I'm rather chuffed to read that quote from Dawkins as it agrees with my own theories on reality and belief in the existence of a universal consciousness - to me the only logical conclusion to the acceptance of an infinite universe.

I'm sure people on here are tired listening to me go on about how individualism and the concept of linear existence are merely illusions, made necessary by the universal consciousness's attempts to perceive and make sense of itself. First it splits in two to look back on itself and from there the whole cosmic shebang takes shape as a surfaceless sphere of all that can possibly be imagined and formed out of unlimited energy and matter. I believe the ultimate or ONE consciousness moulds matter by becoming aware of it, looking at it and defining it - which chimes with Heisenberg's uncertainty principle that matter changes its state based on whether we are looking at it or not. Ultimately we are all inseperable parts of the ONE, made of the same stuff and obeying the same laws.

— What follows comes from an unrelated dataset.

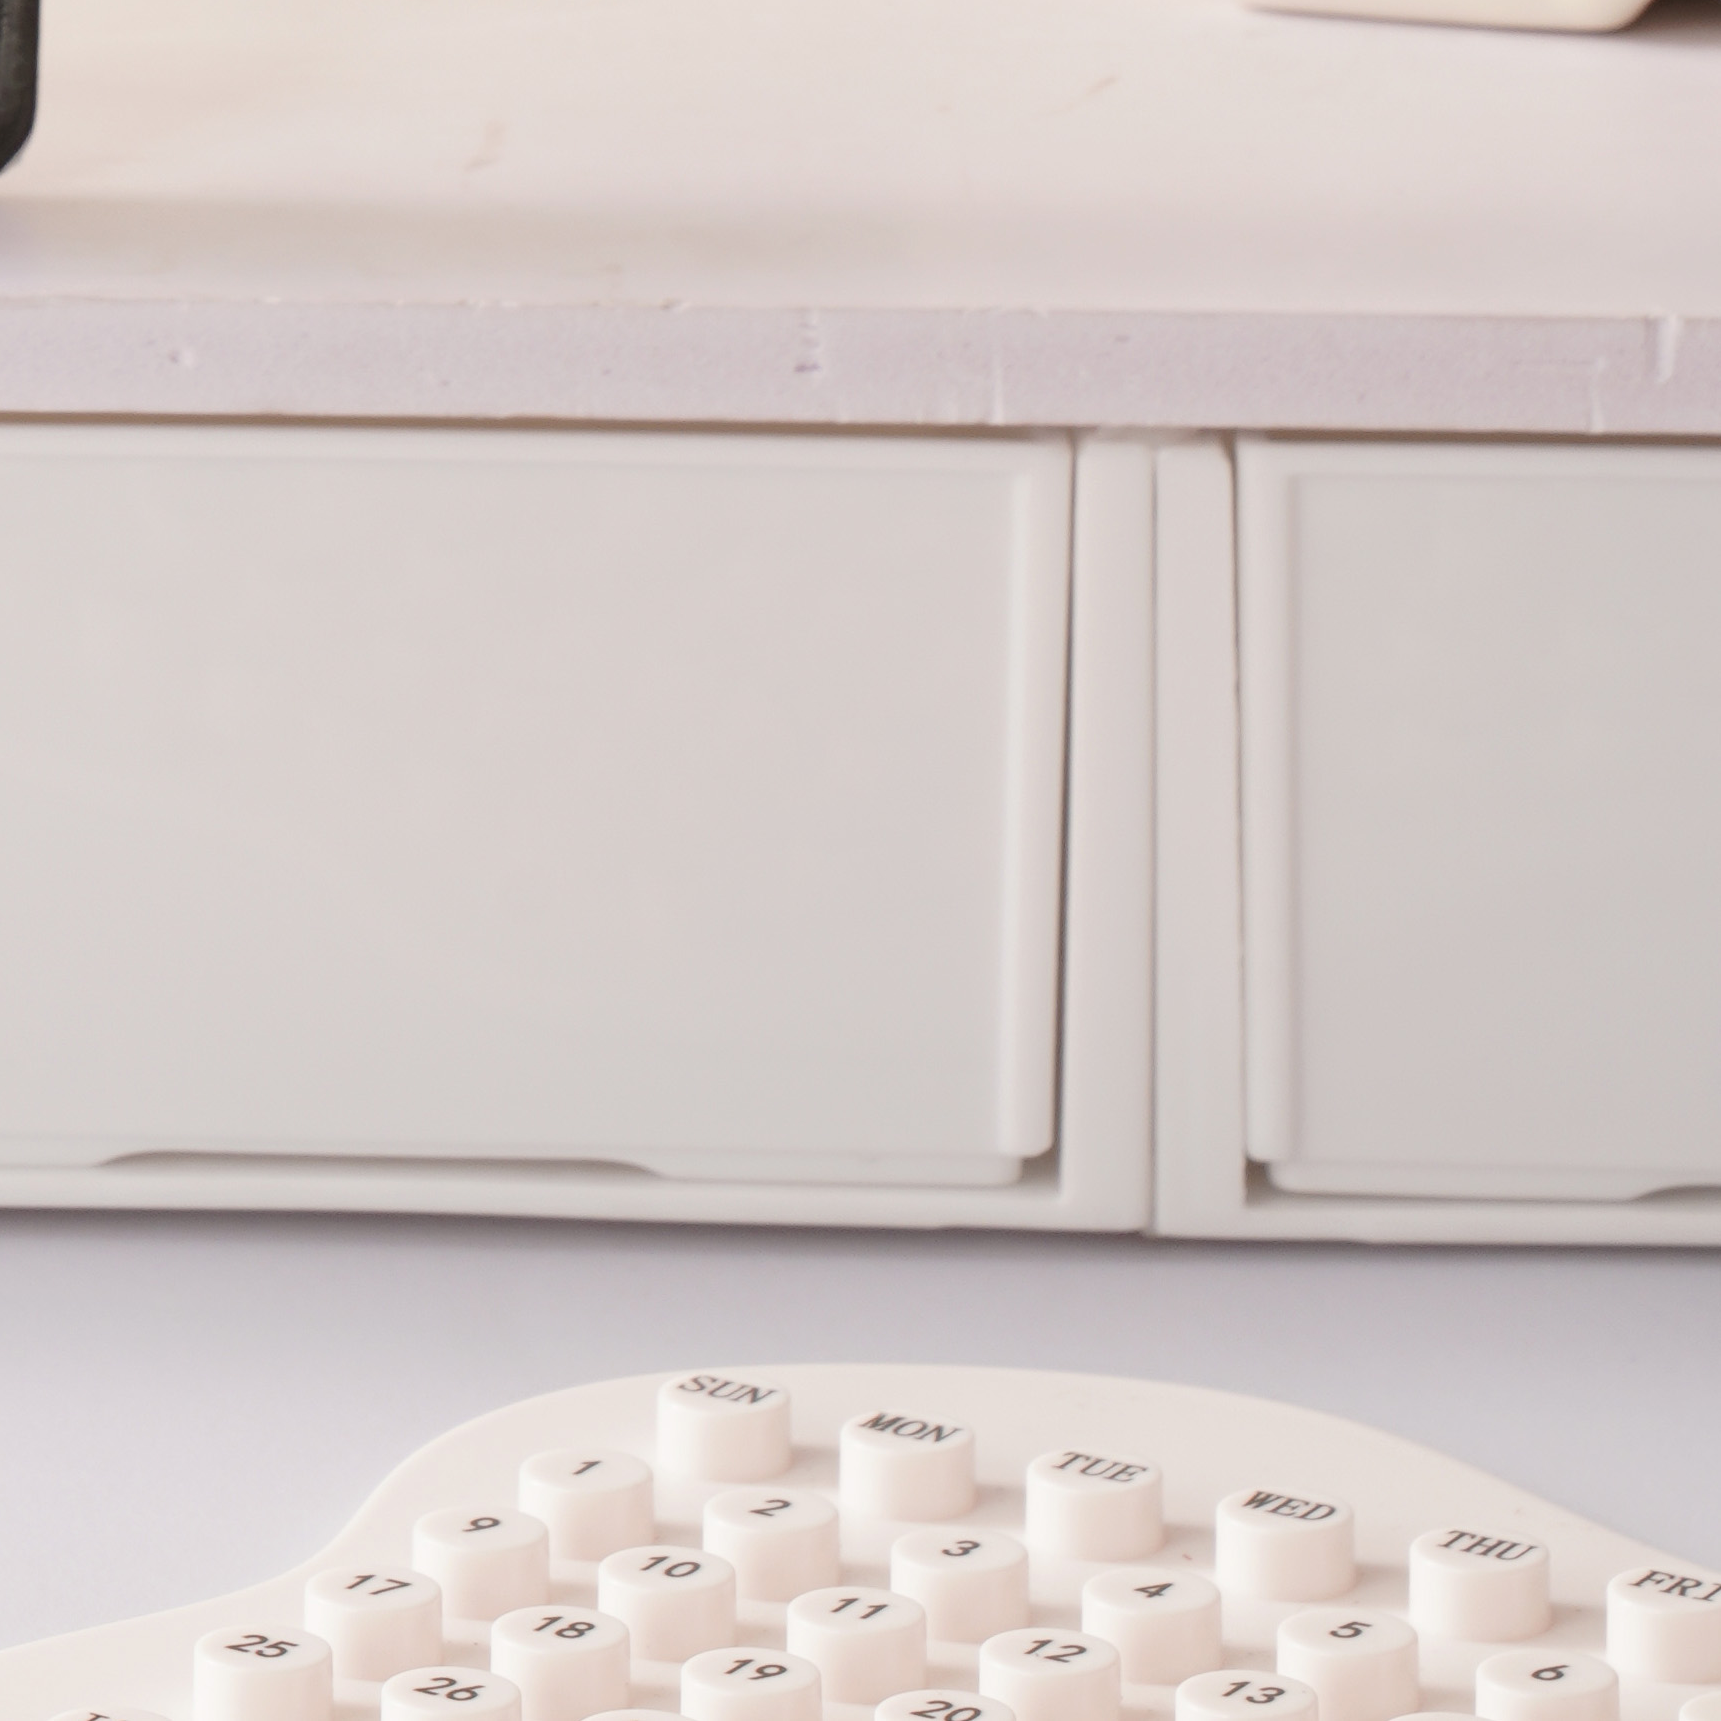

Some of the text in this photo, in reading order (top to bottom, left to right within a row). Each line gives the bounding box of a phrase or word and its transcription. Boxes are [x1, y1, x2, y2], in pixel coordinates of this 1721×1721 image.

Within the conglomeration of ALL, things like space, time and individuality become "real" for the conscious entities, limited in their perceptions, that reside therein i.e. You, I, It, Us & Them. Consciousness demands perception which demands knowledge, understanding, meaning and something to fill the time. All that we can perceive was inevitable and all we will never be able to perceive equally so... infinite consciousness, infinite awareness, infinite perception, infinite form.

The opposite, a single universal consciousness that never allowed itself to fragment, would be a frozen infinitude of all-knowing boredom, what I call the Zero State - a universe frozen in an eternal "get me out of here" howl of cosmic loneliness.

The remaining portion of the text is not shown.